> HOW TO COMPLETE THIS TASK:
An exact copy of the data is required. No picture may appear in it.

[Annotated photo localization data]
Start of Block
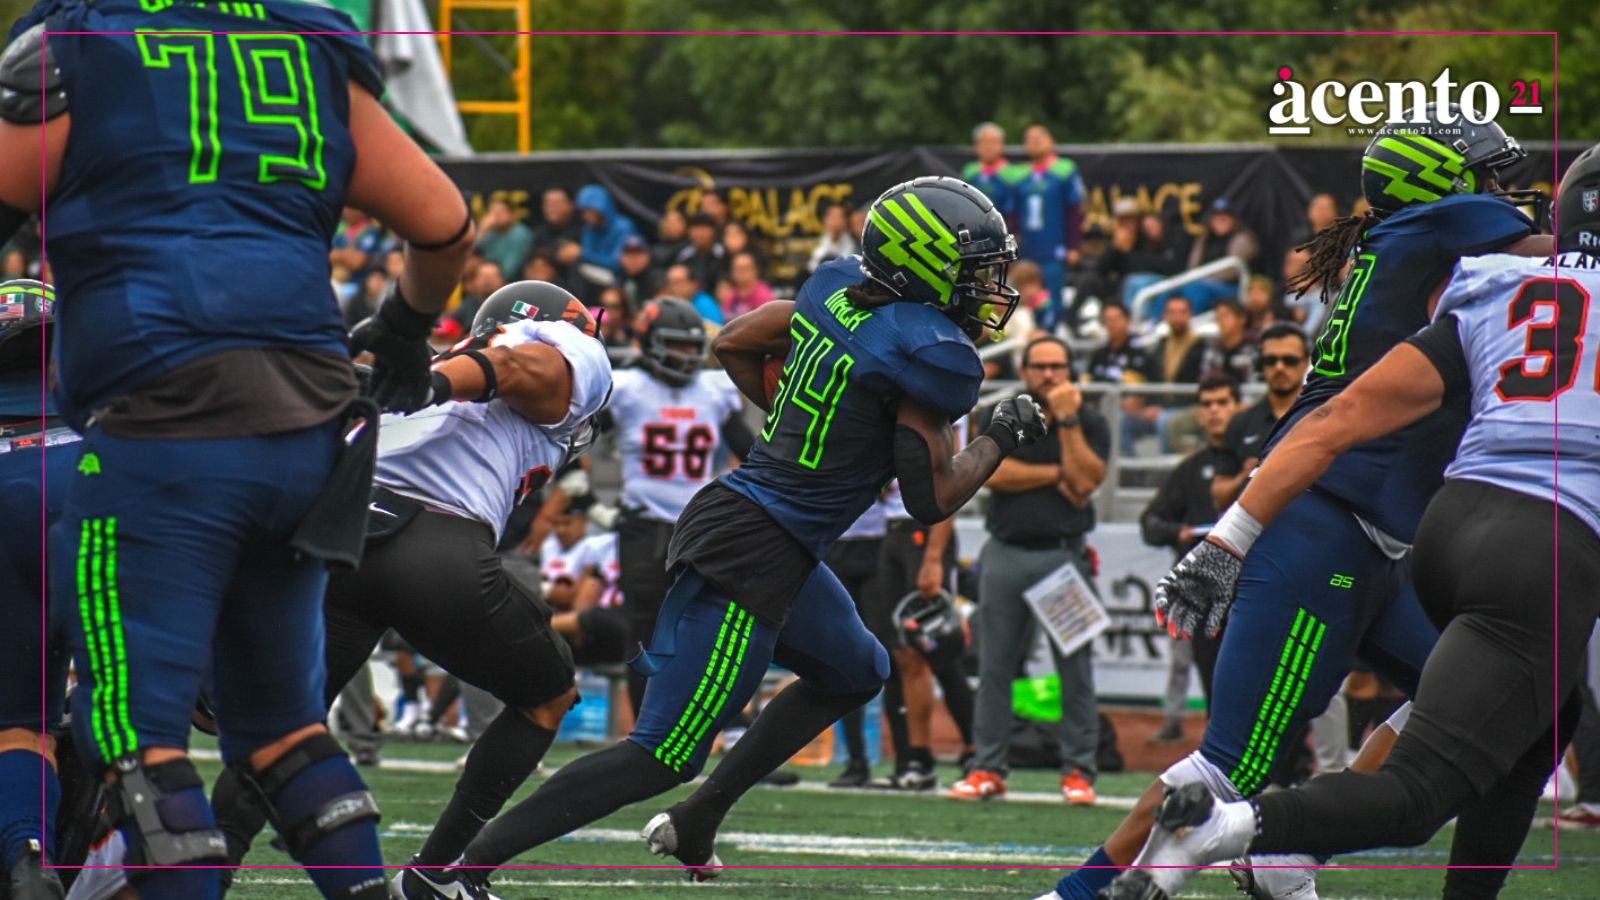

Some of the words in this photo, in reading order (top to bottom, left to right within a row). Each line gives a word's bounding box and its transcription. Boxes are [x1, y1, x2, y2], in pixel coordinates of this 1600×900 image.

[134, 28, 326, 190] 79
[1026, 194, 1045, 231] 1
[1494, 277, 1600, 403] 3
[642, 422, 714, 482] 56
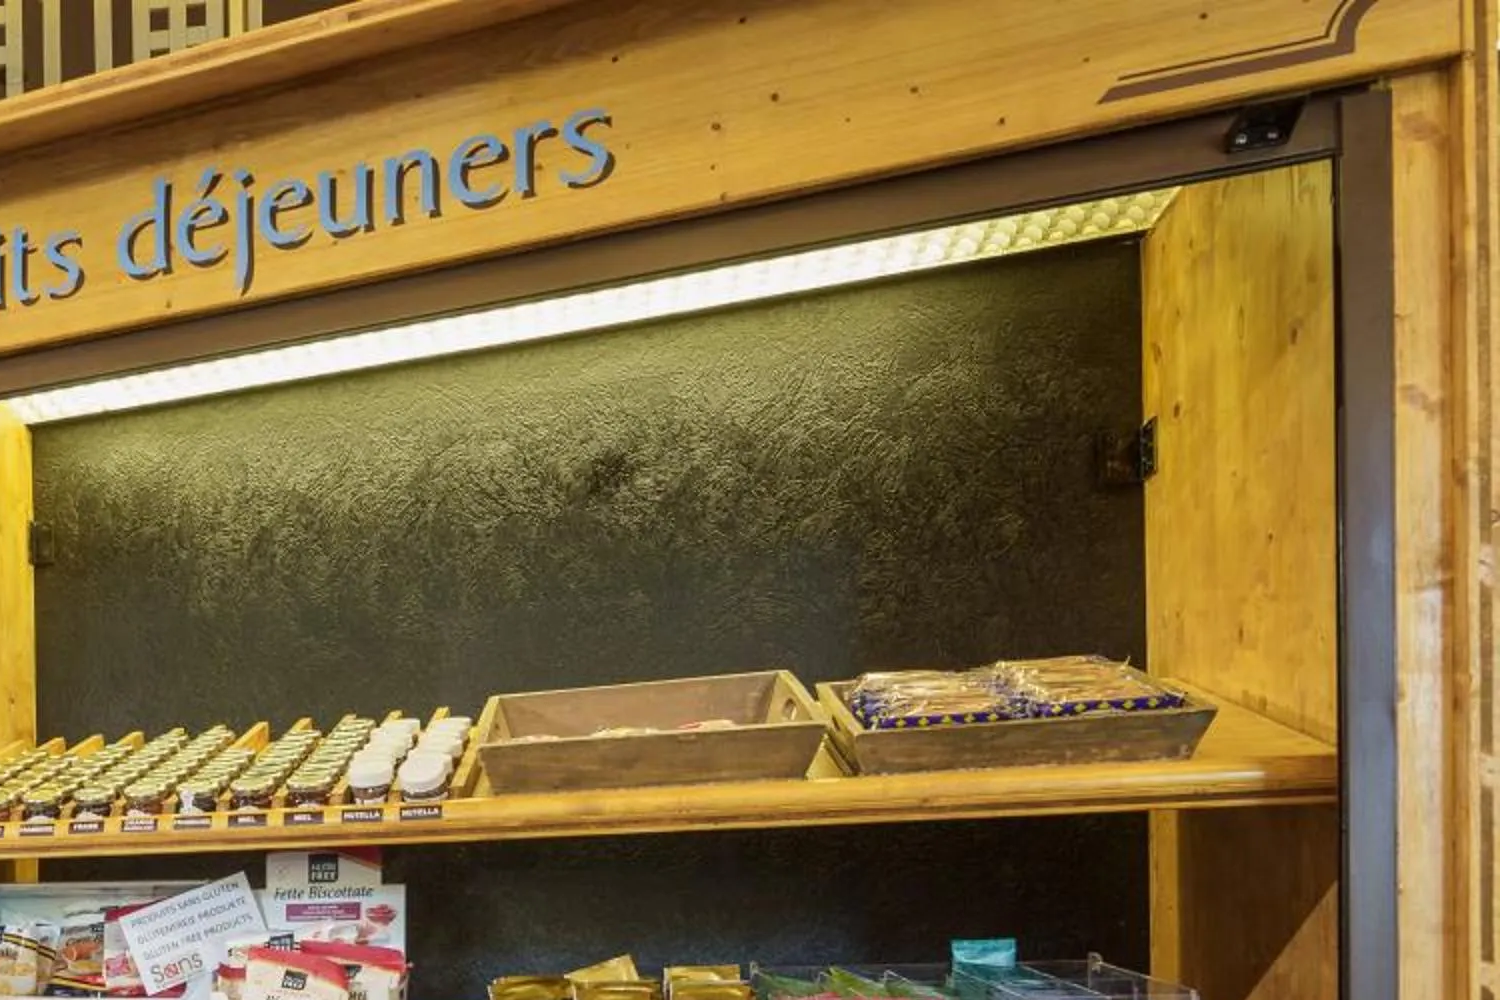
End of Block
> OUTPUT OF THE TASK:
Some of the words in this photo, in reading order (top to bottom, left to right within a row). Each line gives a word's bounding box and its transcription. Boxes are [x1, y1, x2, y2], in pixel coordinates of this 1600×900 image.

[134, 28, 326, 190] 79
[1026, 194, 1045, 231] 1
[1494, 277, 1600, 403] 3
[642, 422, 714, 482] 56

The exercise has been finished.